##### DATA FOR PROCESSING

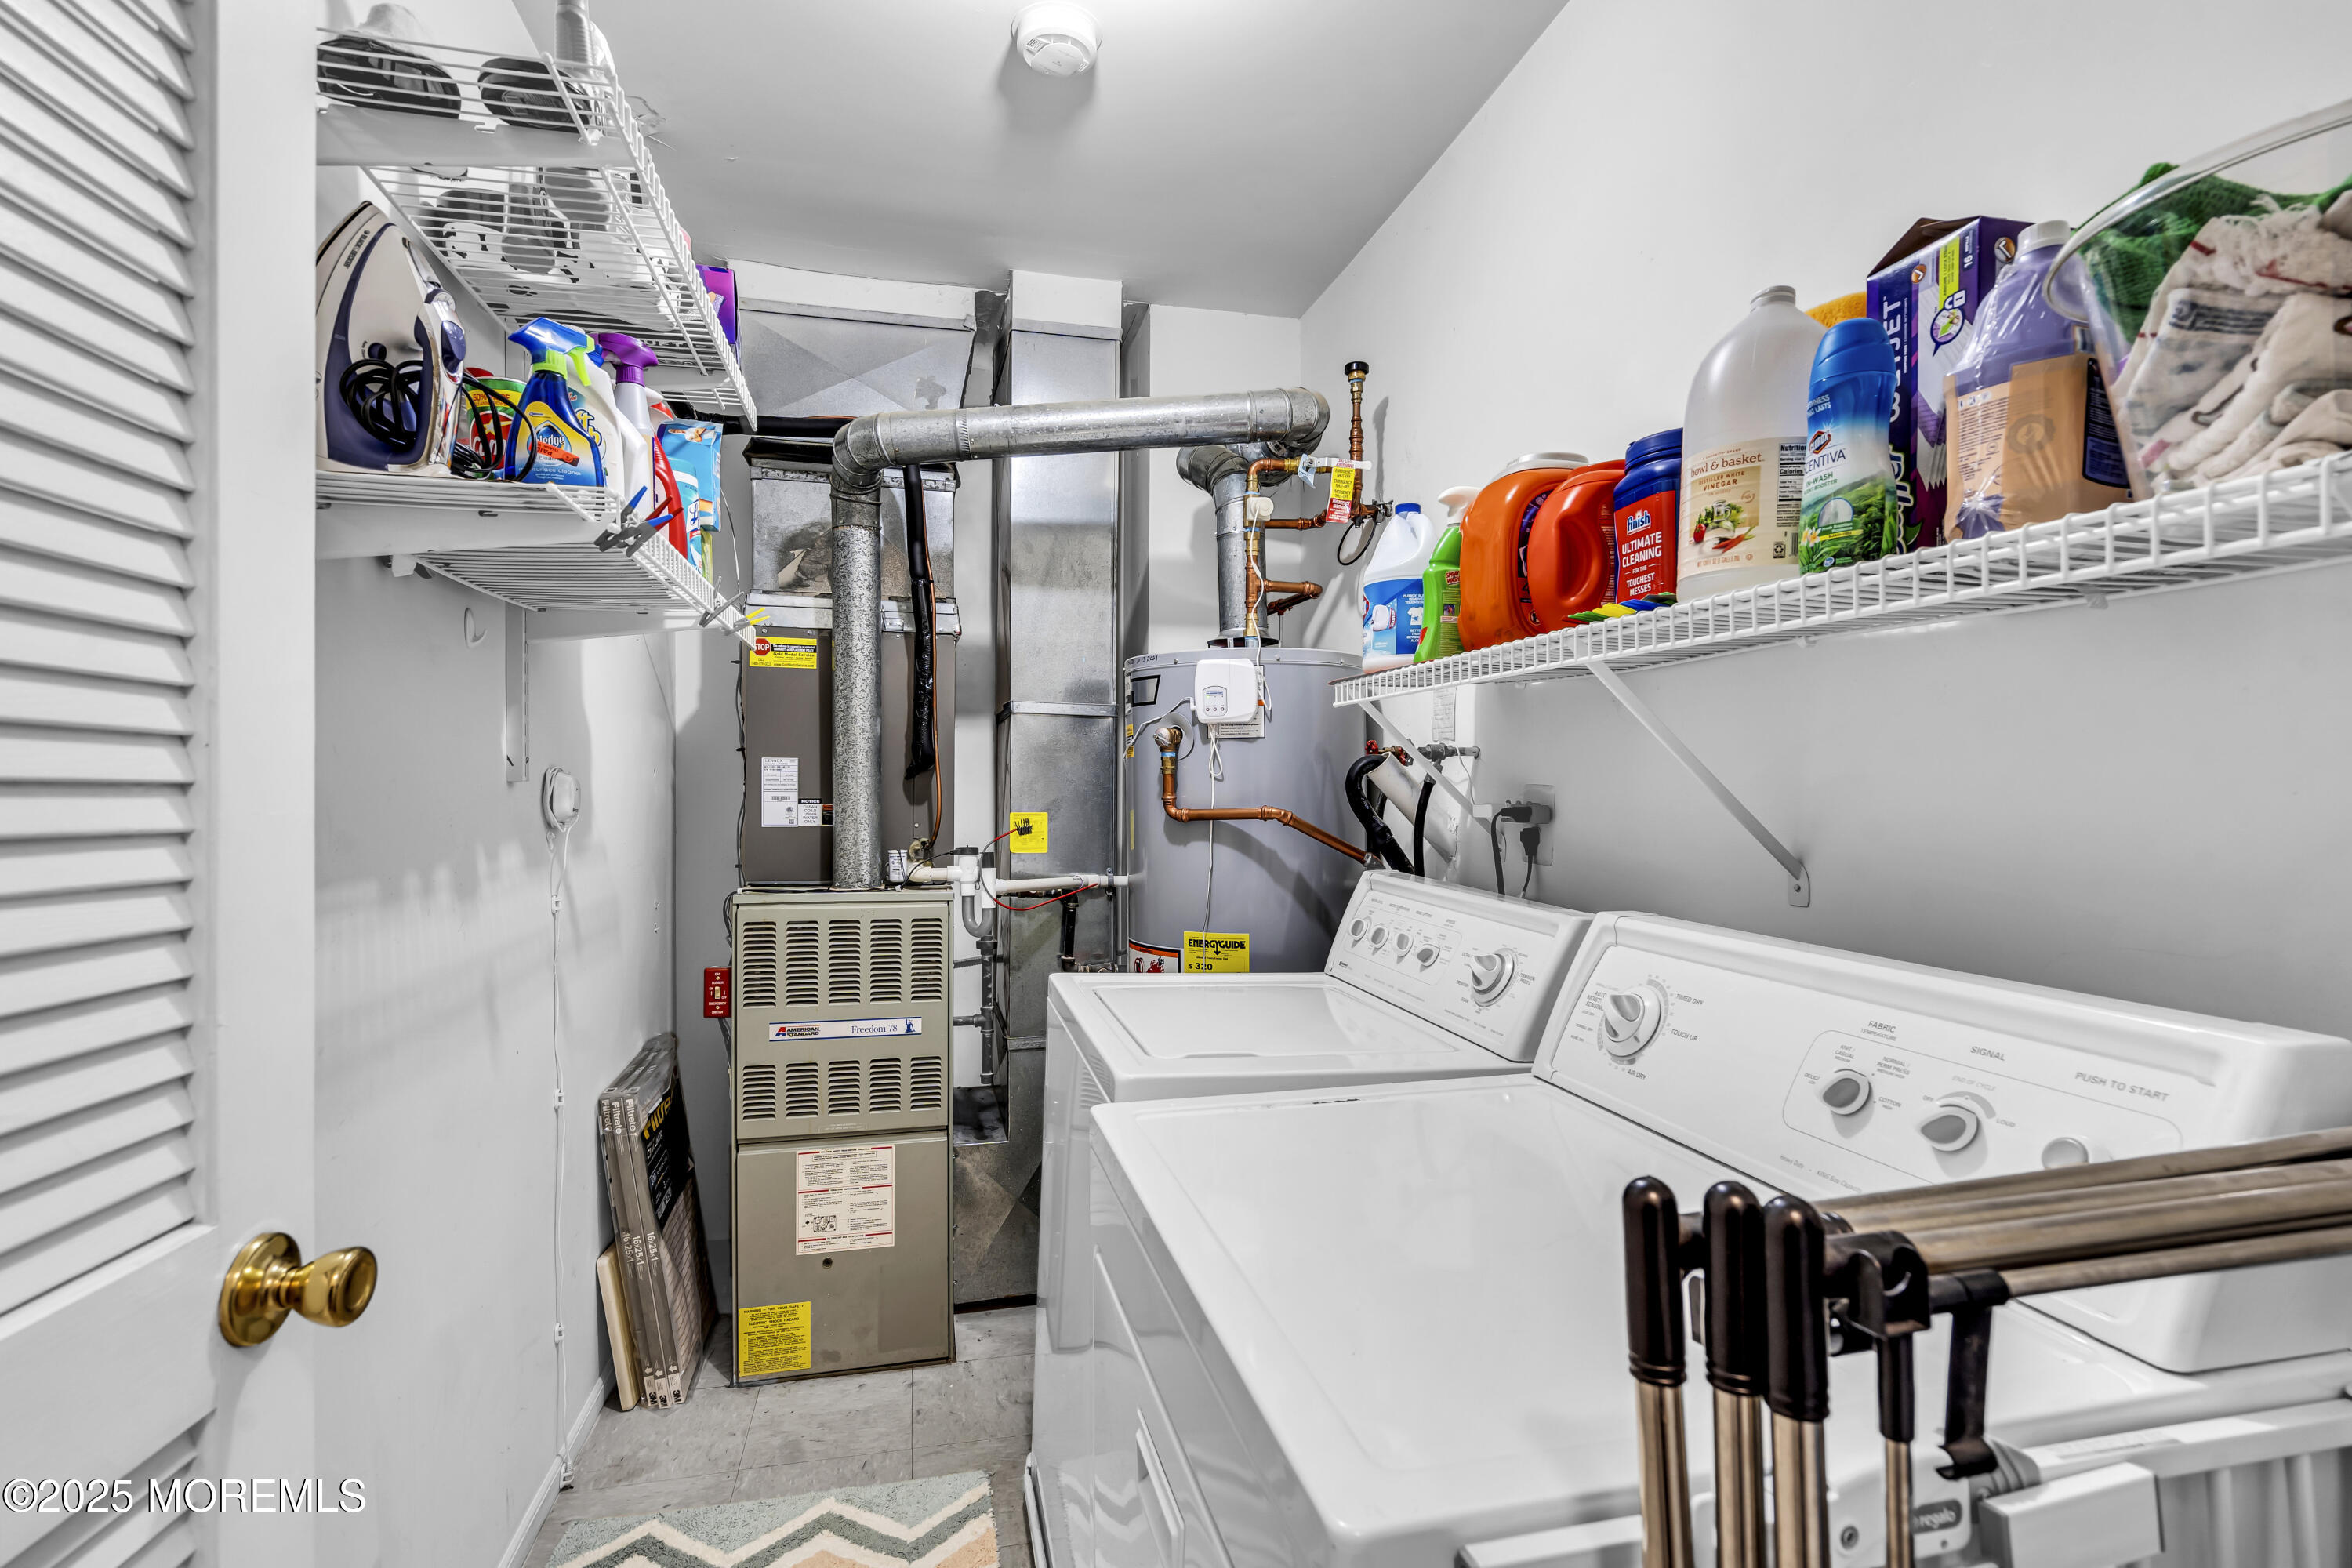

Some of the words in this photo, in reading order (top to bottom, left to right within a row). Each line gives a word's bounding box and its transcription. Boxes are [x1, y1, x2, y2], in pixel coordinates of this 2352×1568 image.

[1964, 255, 1973, 269] 16
[1814, 401, 1831, 413] LASTS
[539, 434, 564, 448] ledge
[1690, 463, 1708, 477] bowl
[1711, 461, 1719, 470] &
[1722, 453, 1762, 468] basket
[1699, 474, 1724, 485] DISTILLED
[1703, 478, 1737, 491] VINEGAR
[1627, 510, 1650, 532] finish
[1622, 531, 1662, 555] ULTIMATE
[1622, 545, 1662, 568] CLEANING
[1626, 572, 1655, 588] TOUGHEST
[1629, 583, 1651, 596] MESSES
[1189, 938, 1246, 949] ENERGYGUIDE
[851, 1025, 886, 1034] Freedom
[1867, 1020, 1896, 1033] FABRIC
[1671, 1028, 1688, 1039] TOUCH
[1860, 1028, 1896, 1041] TEMPERATURE
[1835, 1050, 1855, 1060] CASUAL
[1970, 1046, 2005, 1062] SIGNAL
[1635, 1071, 1647, 1080] DRY
[1877, 1062, 1893, 1072] PERM
[1893, 1065, 1910, 1076] PRESS
[1951, 1075, 1965, 1083] END
[1976, 1081, 1997, 1092] CYCLE
[2074, 1072, 2107, 1087] PUSH
[2110, 1080, 2127, 1091] TO
[2129, 1084, 2169, 1102] START
[1878, 1096, 1902, 1109] COTTON
[1996, 1118, 2016, 1128] LOUD
[622, 1232, 634, 1262] 16x25x1
[633, 1235, 644, 1265] 16x25x1
[647, 1232, 659, 1261] 16x25x1
[649, 1392, 657, 1405] 3M
[659, 1395, 667, 1407] 3M
[673, 1389, 681, 1403] 3M

##########

ACTIVITY:
Set down the data above exactly as written. Omit the pictures.

SOLUTION FOR THIS PROBLEM:
Some of the words in this photo, in reading order (top to bottom, left to right within a row). Each line gives a word's bounding box and its transcription. Boxes are [x1, y1, x2, y2], in pixel coordinates of this 2352×1568 image.

[1964, 255, 1973, 269] 16
[1814, 401, 1831, 413] LASTS
[539, 434, 564, 448] ledge
[1690, 463, 1708, 477] bowl
[1711, 461, 1719, 470] &
[1722, 453, 1762, 468] basket
[1699, 474, 1724, 485] DISTILLED
[1703, 478, 1737, 491] VINEGAR
[1627, 510, 1650, 532] finish
[1622, 531, 1662, 555] ULTIMATE
[1622, 545, 1662, 568] CLEANING
[1626, 572, 1655, 588] TOUGHEST
[1629, 583, 1651, 596] MESSES
[1189, 938, 1246, 949] ENERGYGUIDE
[851, 1025, 886, 1034] Freedom
[1867, 1020, 1896, 1033] FABRIC
[1671, 1028, 1688, 1039] TOUCH
[1860, 1028, 1896, 1041] TEMPERATURE
[1835, 1050, 1855, 1060] CASUAL
[1970, 1046, 2005, 1062] SIGNAL
[1635, 1071, 1647, 1080] DRY
[1877, 1062, 1893, 1072] PERM
[1893, 1065, 1910, 1076] PRESS
[1951, 1075, 1965, 1083] END
[1976, 1081, 1997, 1092] CYCLE
[2074, 1072, 2107, 1087] PUSH
[2110, 1080, 2127, 1091] TO
[2129, 1084, 2169, 1102] START
[1878, 1096, 1902, 1109] COTTON
[1996, 1118, 2016, 1128] LOUD
[622, 1232, 634, 1262] 16x25x1
[633, 1235, 644, 1265] 16x25x1
[647, 1232, 659, 1261] 16x25x1
[649, 1392, 657, 1405] 3M
[659, 1395, 667, 1407] 3M
[673, 1389, 681, 1403] 3M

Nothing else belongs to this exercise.